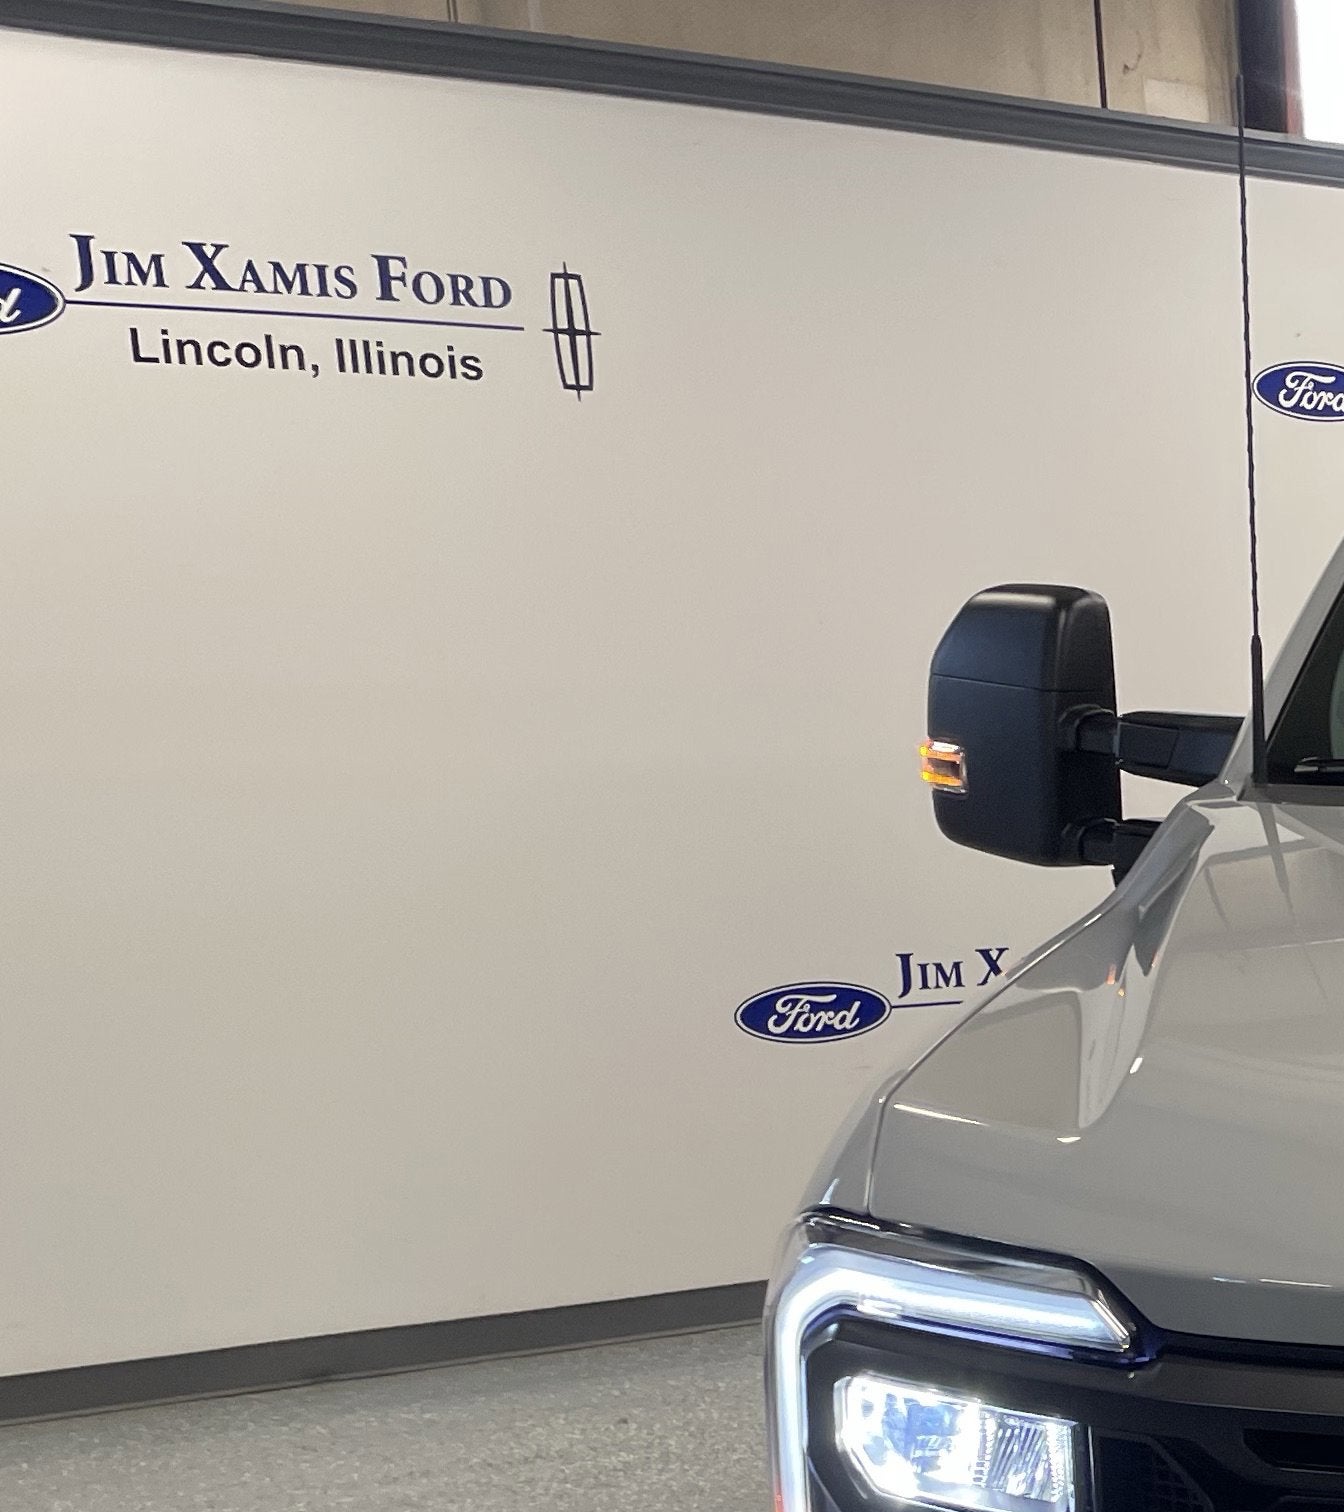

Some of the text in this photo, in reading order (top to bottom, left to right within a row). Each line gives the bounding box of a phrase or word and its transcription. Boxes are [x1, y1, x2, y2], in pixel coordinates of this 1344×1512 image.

[68, 233, 513, 310] JIM XAMIS FORD
[128, 326, 484, 381] Lincoln, Illinois
[895, 952, 965, 999] JIM
[767, 994, 861, 1034] Ford
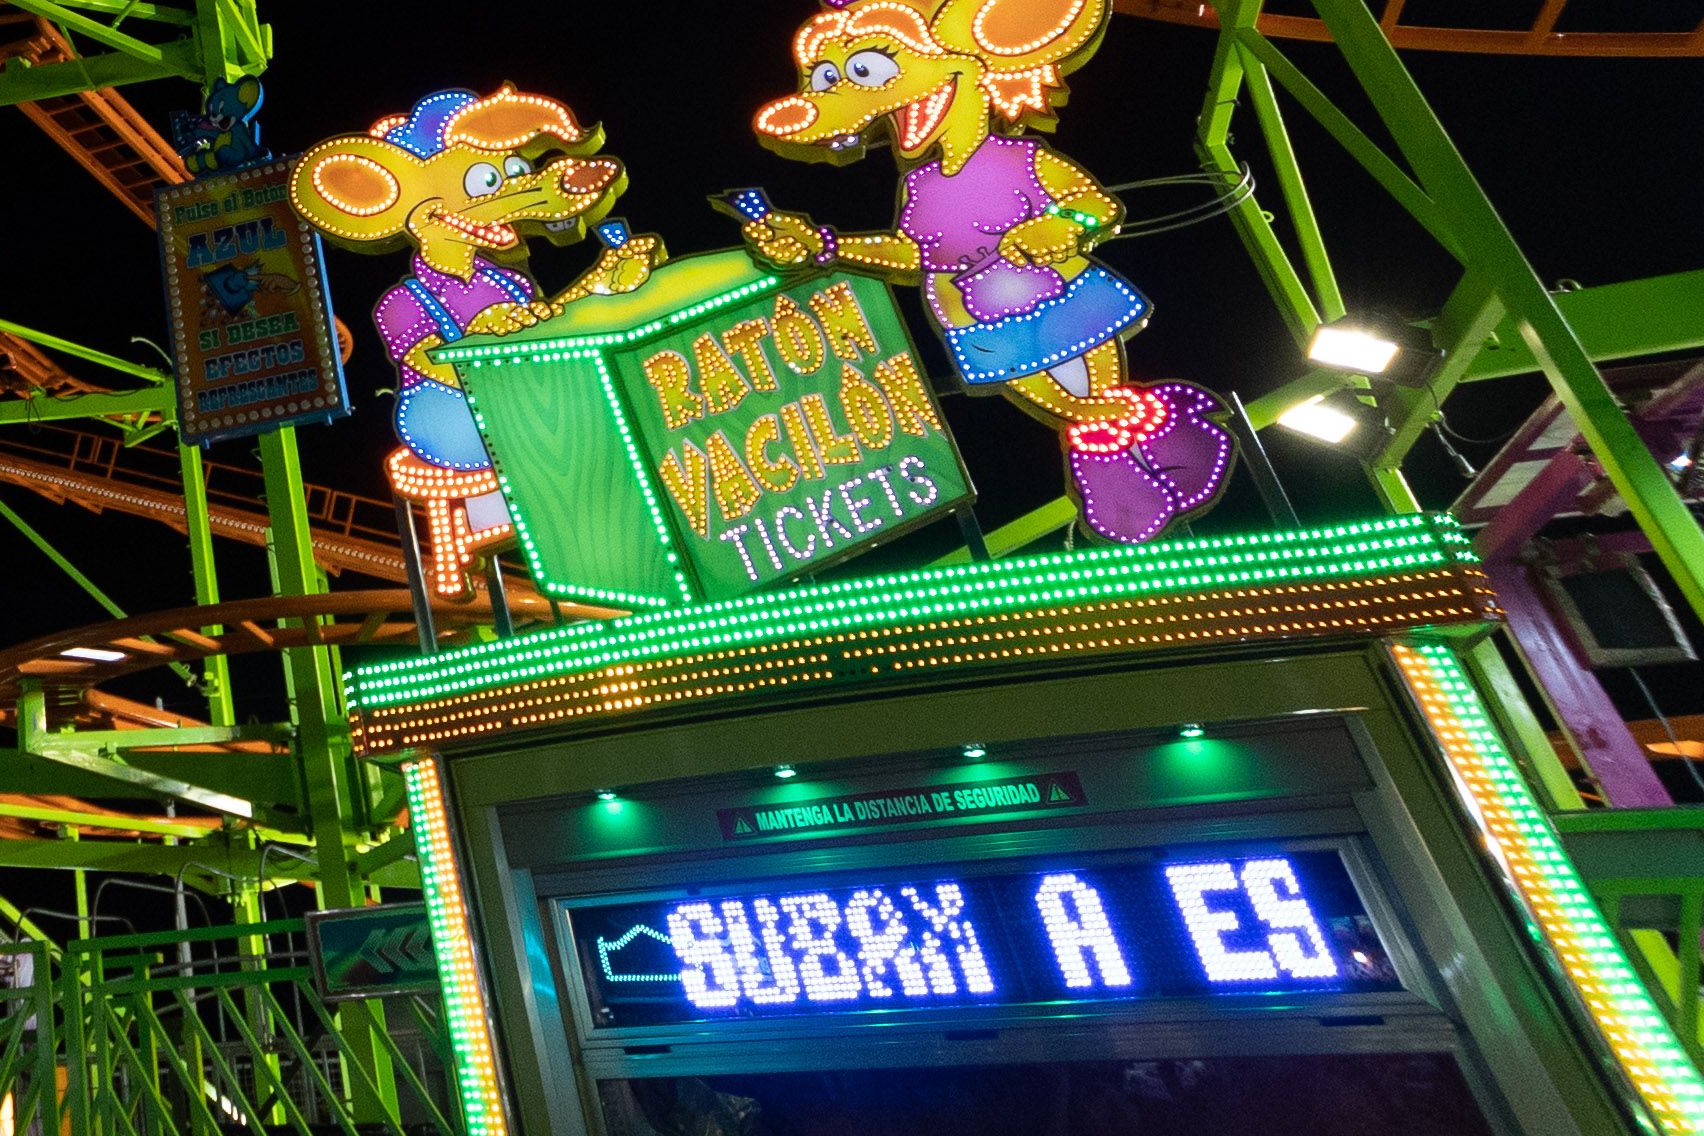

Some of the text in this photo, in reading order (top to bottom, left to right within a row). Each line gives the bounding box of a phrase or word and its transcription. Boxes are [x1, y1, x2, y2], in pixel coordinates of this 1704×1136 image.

[174, 201, 218, 224] Pulse
[224, 192, 237, 212] el
[187, 216, 287, 268] AZUL
[199, 311, 300, 351] SI DESEA
[203, 339, 305, 381] EFECTOS
[197, 368, 318, 413] REFRESCANTES
[719, 455, 937, 582] TICKETS
[755, 782, 1041, 831] MANTENGA LA DISTANCIA DE SEGURIDAD
[1034, 872, 1132, 988] A
[1163, 858, 1340, 980] ES
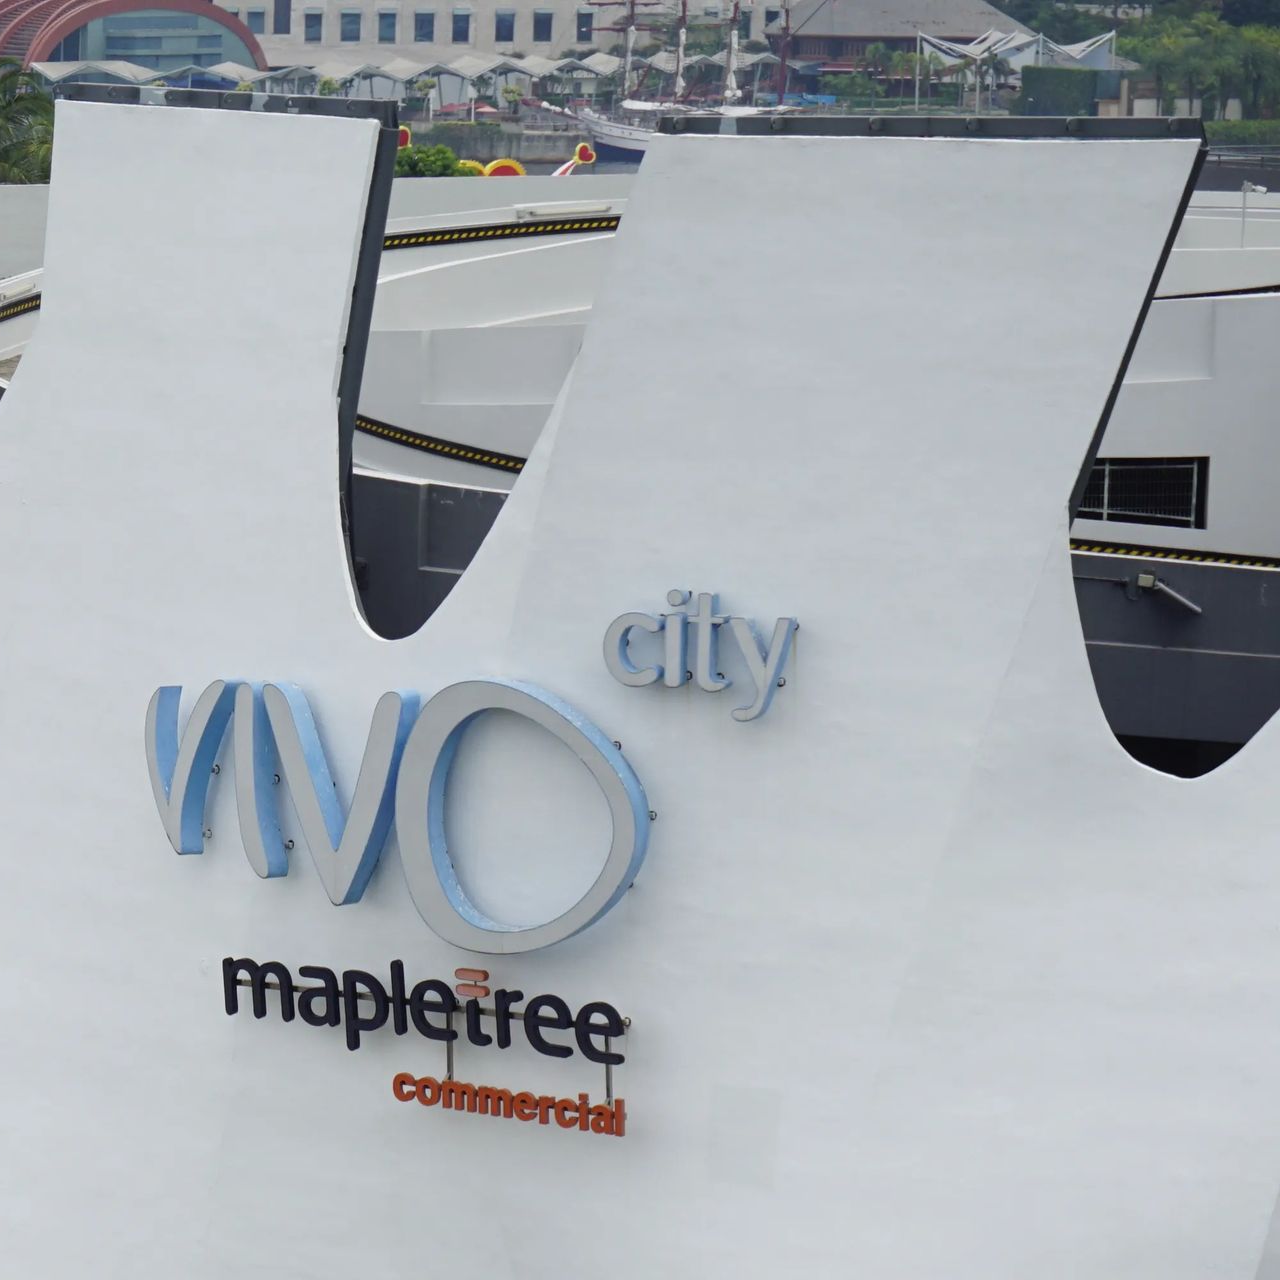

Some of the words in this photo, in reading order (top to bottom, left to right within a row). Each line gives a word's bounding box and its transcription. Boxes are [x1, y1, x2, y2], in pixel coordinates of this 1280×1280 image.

[603, 588, 797, 722] city
[222, 956, 625, 1065] mapletree
[392, 1071, 626, 1137] commercial
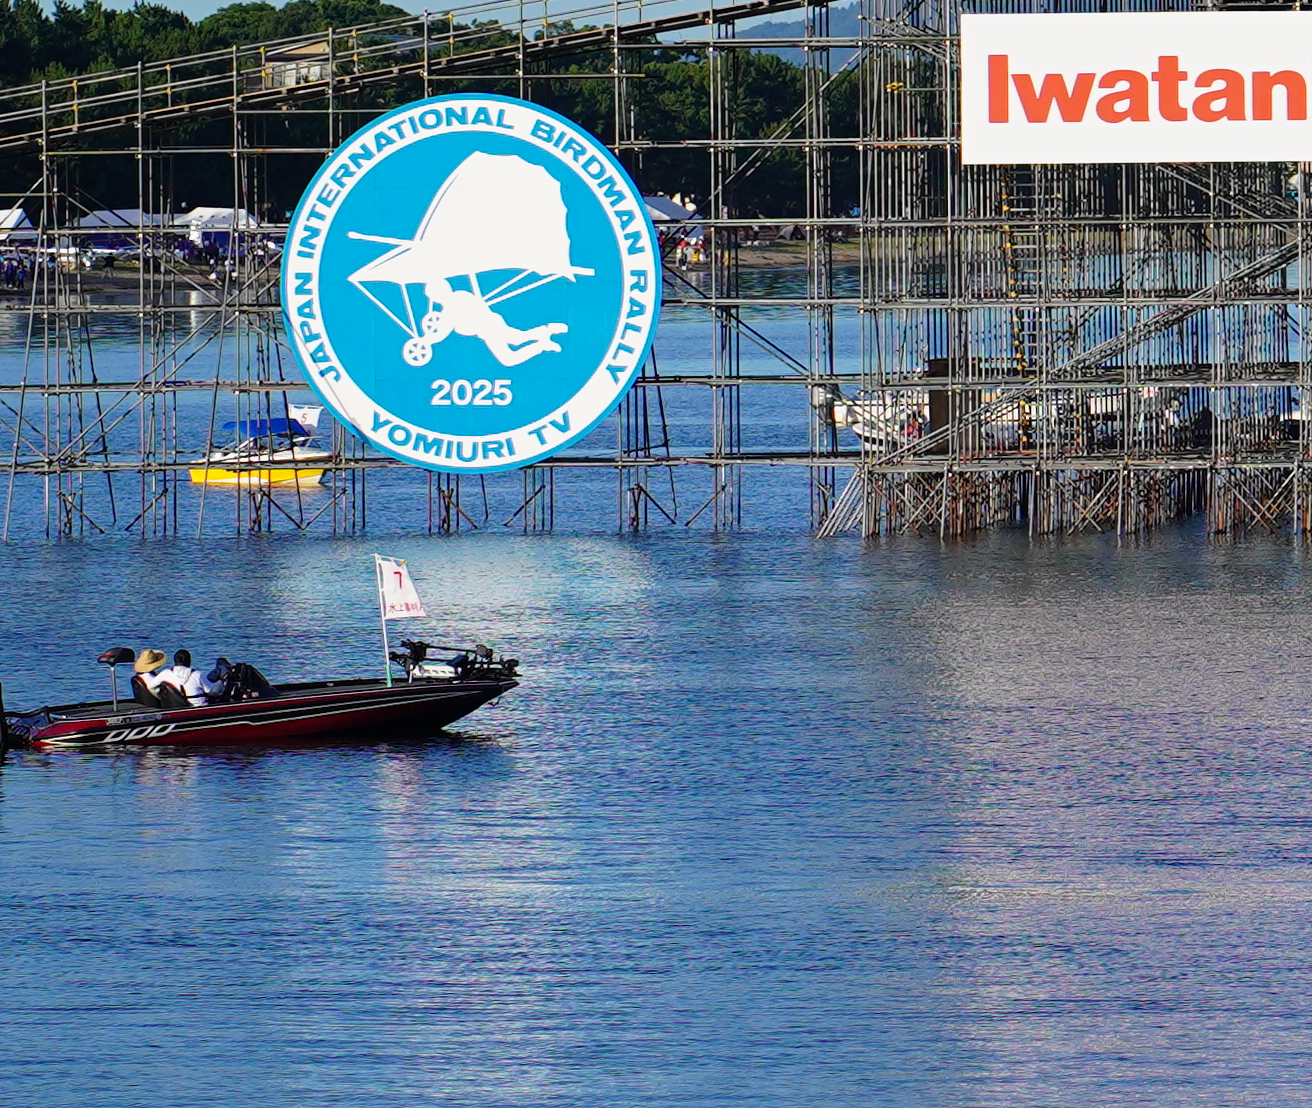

* * * * * * * * *

### Exercise
Write out the records once more, exactly as they stand, with no images.

### Answer to this task
Some of the text in this photo, in reading order (top to bottom, left to right within a row). Each line gives the bounding box of a phrase or word and its transcription. Boxes are [x1, y1, x2, y2], in pixel coordinates of this 1344×1512 image.

[68, 233, 513, 310] JIM XAMIS FORD
[128, 326, 484, 381] Lincoln, Illinois
[895, 952, 965, 999] JIM
[767, 994, 861, 1034] Ford

Some of the text in this photo, in reading order (top to bottom, left to right within a row). Each line gives the bounding box of a phrase or word and its transcription. Boxes are [x1, y1, x2, y2], in pixel coordinates of this 1704×1136 image.

[174, 201, 218, 224] Pulse
[224, 192, 237, 212] el
[187, 216, 287, 268] AZUL
[199, 311, 300, 351] SI DESEA
[203, 339, 305, 381] EFECTOS
[197, 368, 318, 413] REFRESCANTES
[719, 455, 937, 582] TICKETS
[755, 782, 1041, 831] MANTENGA LA DISTANCIA DE SEGURIDAD
[1034, 872, 1132, 988] A
[1163, 858, 1340, 980] ES

Some of the words in this photo, in reading order (top to bottom, left to right within a row). Each line gives a word's bounding box and its transcription. Boxes are [x1, y1, x2, y2], in pixel coordinates of this 1280×1280 image.

[603, 588, 797, 722] city
[222, 956, 625, 1065] mapletree
[392, 1071, 626, 1137] commercial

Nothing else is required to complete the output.